To convert these datasets into a functioning virtual brain, the team used the Brain Modeling ToolKit and the Neulite neuron simulator, enabling each digital neuron to fire, signal, and adapt in realistic patterns.
Why Fugaku makes the impossible possible
Fugaku’s architecture, 158,976 compute nodes delivering over 400 quadrillion operations per second, empowers simulations previously thought unattainable. For comparison, counting to 400 quadrillion at one number per second would take longer than the age of the universe. This computational muscle lets scientists run full-scale neural simulations that capture the flow of electrical activity across networks, allowing them to observe how:
- epileptic seizures emerge and spread
- Alzheimer-like degeneration disrupts connectivity
- neural oscillations shape attention, memory, and perception
Before this, such questions required painstaking, one-experiment-at-a-time studies on living tissue. Now they can be tested virtually, safely, and at massive scale.
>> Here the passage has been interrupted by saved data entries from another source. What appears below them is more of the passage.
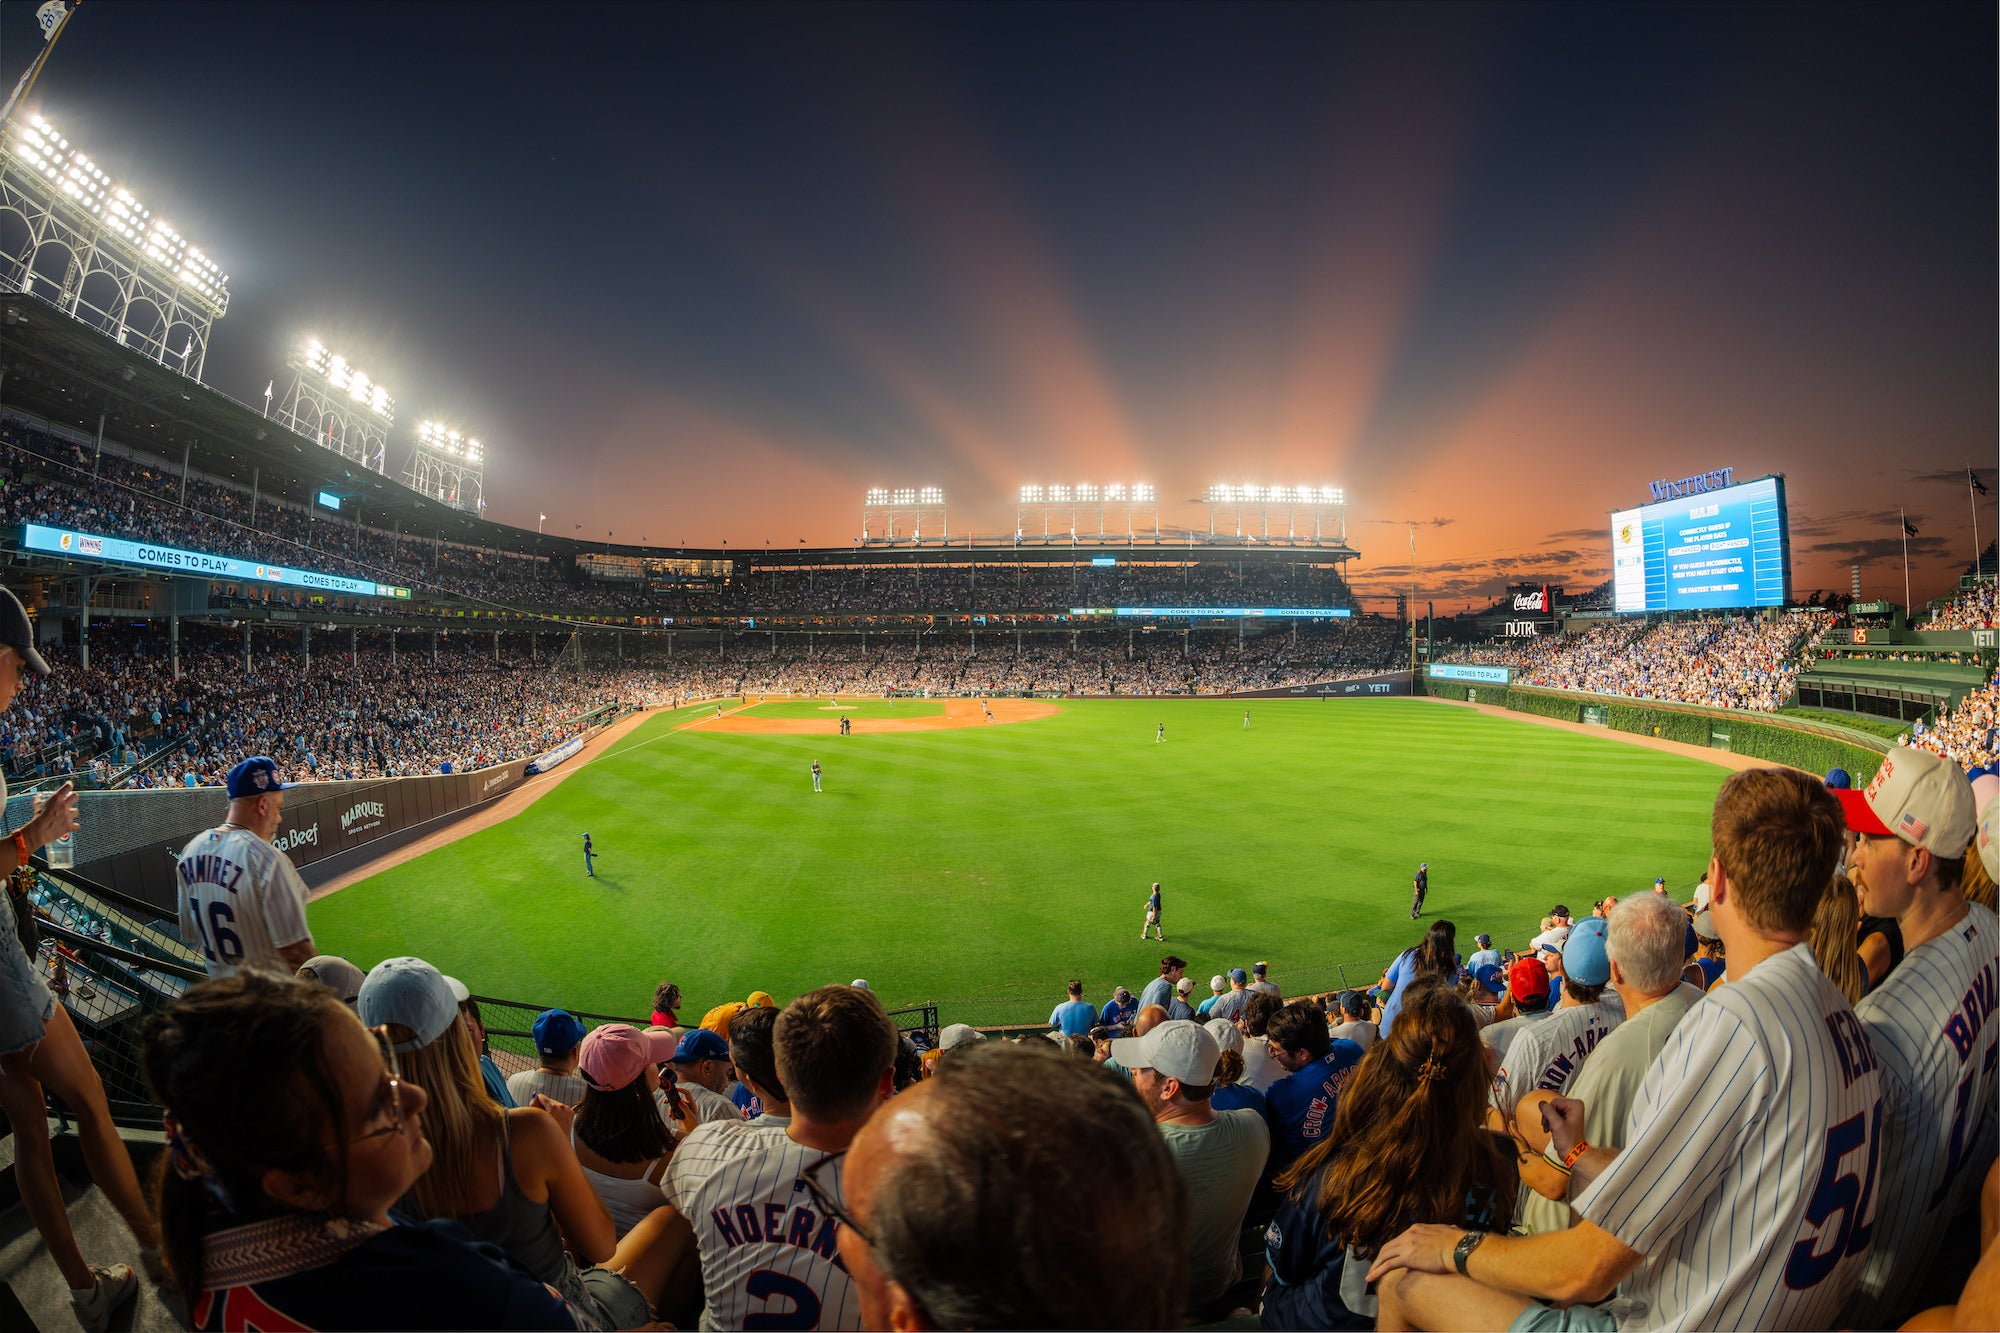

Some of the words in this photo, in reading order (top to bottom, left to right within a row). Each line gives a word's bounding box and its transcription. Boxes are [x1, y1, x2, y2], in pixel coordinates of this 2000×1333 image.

[138, 548, 181, 565] COMES
[184, 555, 199, 567] TO
[202, 558, 229, 572] PLAY
[303, 574, 330, 586] COMES
[331, 579, 340, 588] TO
[341, 581, 358, 590] PLAY
[1861, 603, 1879, 613] Mobile
[1971, 630, 1995, 647] YETI
[1456, 669, 1476, 678] COMES
[1476, 670, 1486, 678] TO
[1486, 671, 1501, 680] PLAY
[1367, 683, 1390, 693] YETI
[340, 801, 385, 831] MARQUEE
[179, 855, 244, 895] RAMIREZ
[189, 898, 244, 966] 16
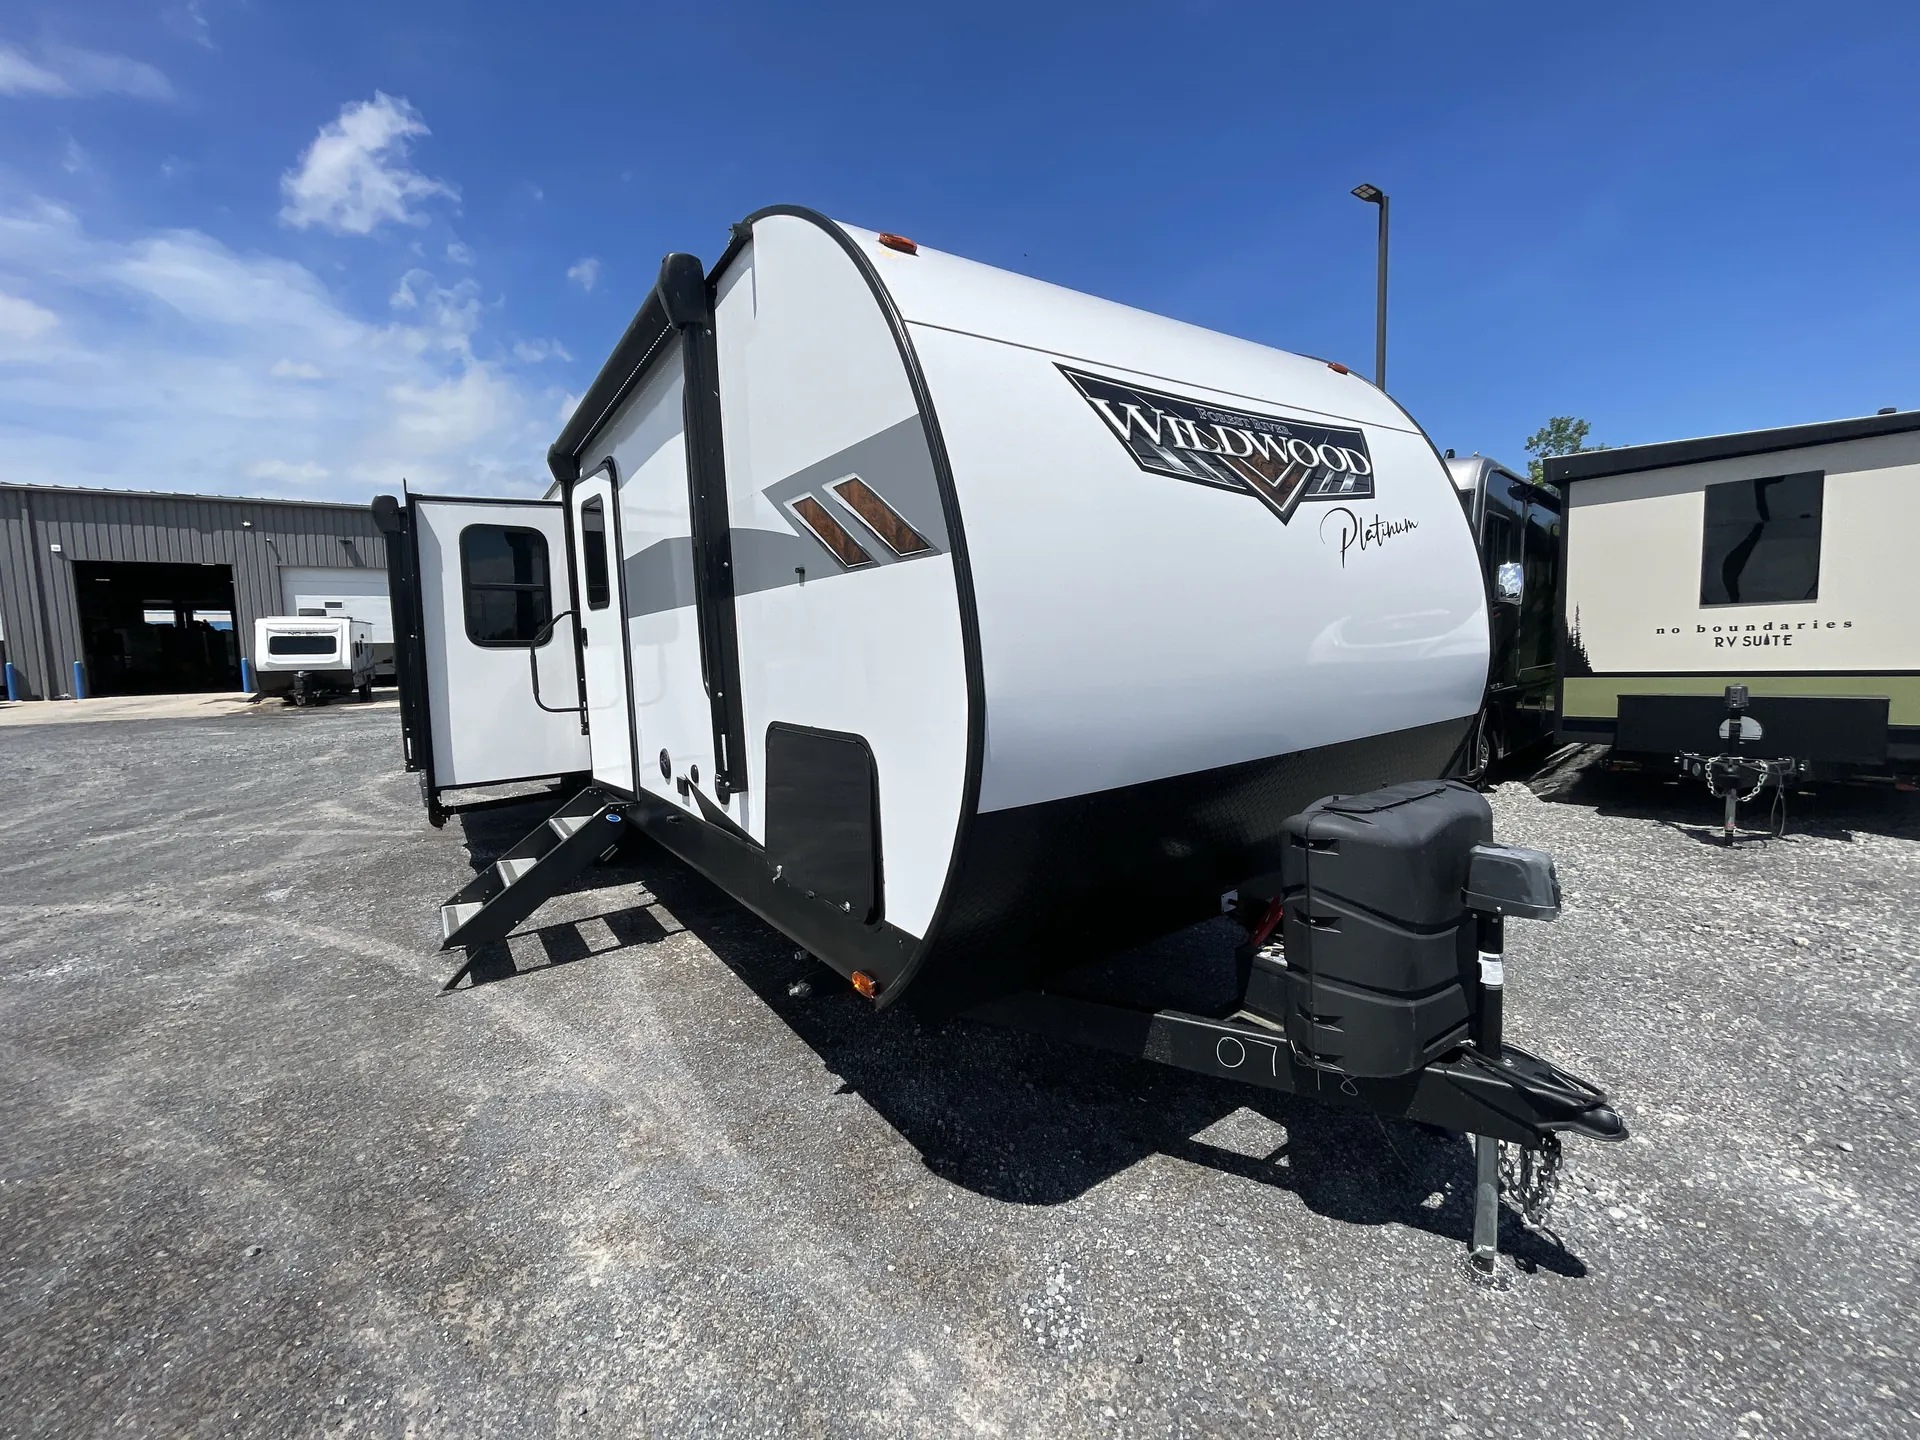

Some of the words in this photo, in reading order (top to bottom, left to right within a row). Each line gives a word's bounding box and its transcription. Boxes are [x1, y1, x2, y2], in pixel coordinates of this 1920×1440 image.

[1086, 396, 1372, 476] WILDWOOD
[1194, 406, 1251, 428] FOREST
[1249, 418, 1293, 436] RIVER
[1319, 507, 1419, 569] Platinum
[1655, 626, 1681, 635] no
[1696, 619, 1853, 634] boundaries
[1714, 636, 1738, 648] RV
A new frontier for clinical and translational research
Neurological diseases are notoriously difficult to study because damage evolves over time and often can’t be observed directly in the living human brain. With digital simulations, researchers can fast-forward through disease stages, test “what-if” scenarios, and explore how early intervention might prevent long-term decline.
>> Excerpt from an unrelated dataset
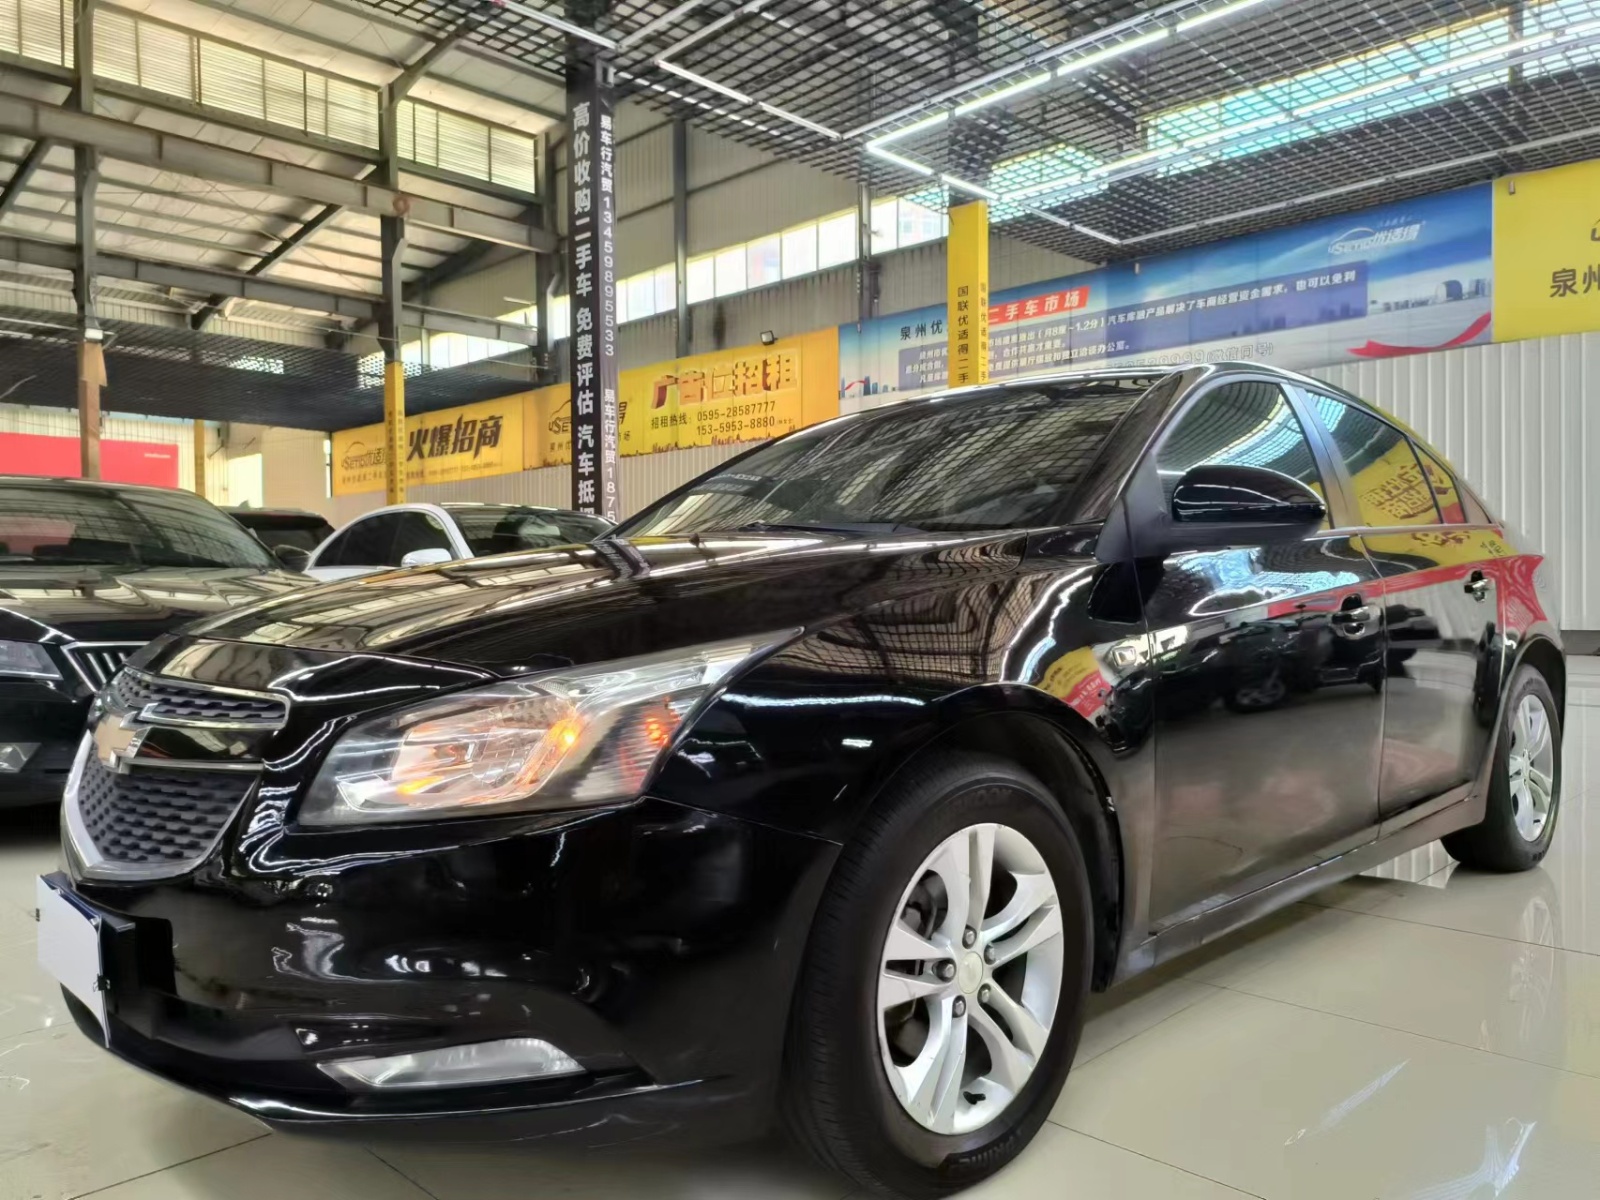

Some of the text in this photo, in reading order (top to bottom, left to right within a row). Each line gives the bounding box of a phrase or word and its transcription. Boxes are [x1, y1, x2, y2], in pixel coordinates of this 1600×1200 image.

[573, 102, 595, 516] 高价收购二手车 免费评估 汽车抵
[697, 401, 776, 422] 0595-28587777
[697, 416, 776, 436] 153-5953-8880
[406, 414, 503, 461] 火爆招商
“This work shows that the door is open,” says Anton Arkhipov, Ph.D., from the Allen Institute. “We can now run these simulations with accuracy and confidence. Much larger models, even human-scale simulations, are within reach.”
From mouse brain to human brain
The ambition doesn’t stop with a mouse cortex. The long-term goal is to build full-brain simulations, ultimately extending toward biophysically realistic models of the human brain. Such models could transform how clinicians understand neurological disorders, design therapies, and personalize treatment.
As Yamazaki notes: “In detailed models, every biological nuance matters. This is the path toward deeper insight into how brains function, and malfunction.” By merging deep neuroscience expertise with the raw power of supercomputing, this project marks a pivotal step forward. What was once science fiction, the idea of building a complete digital brain, is rapidly becoming a scientific reality.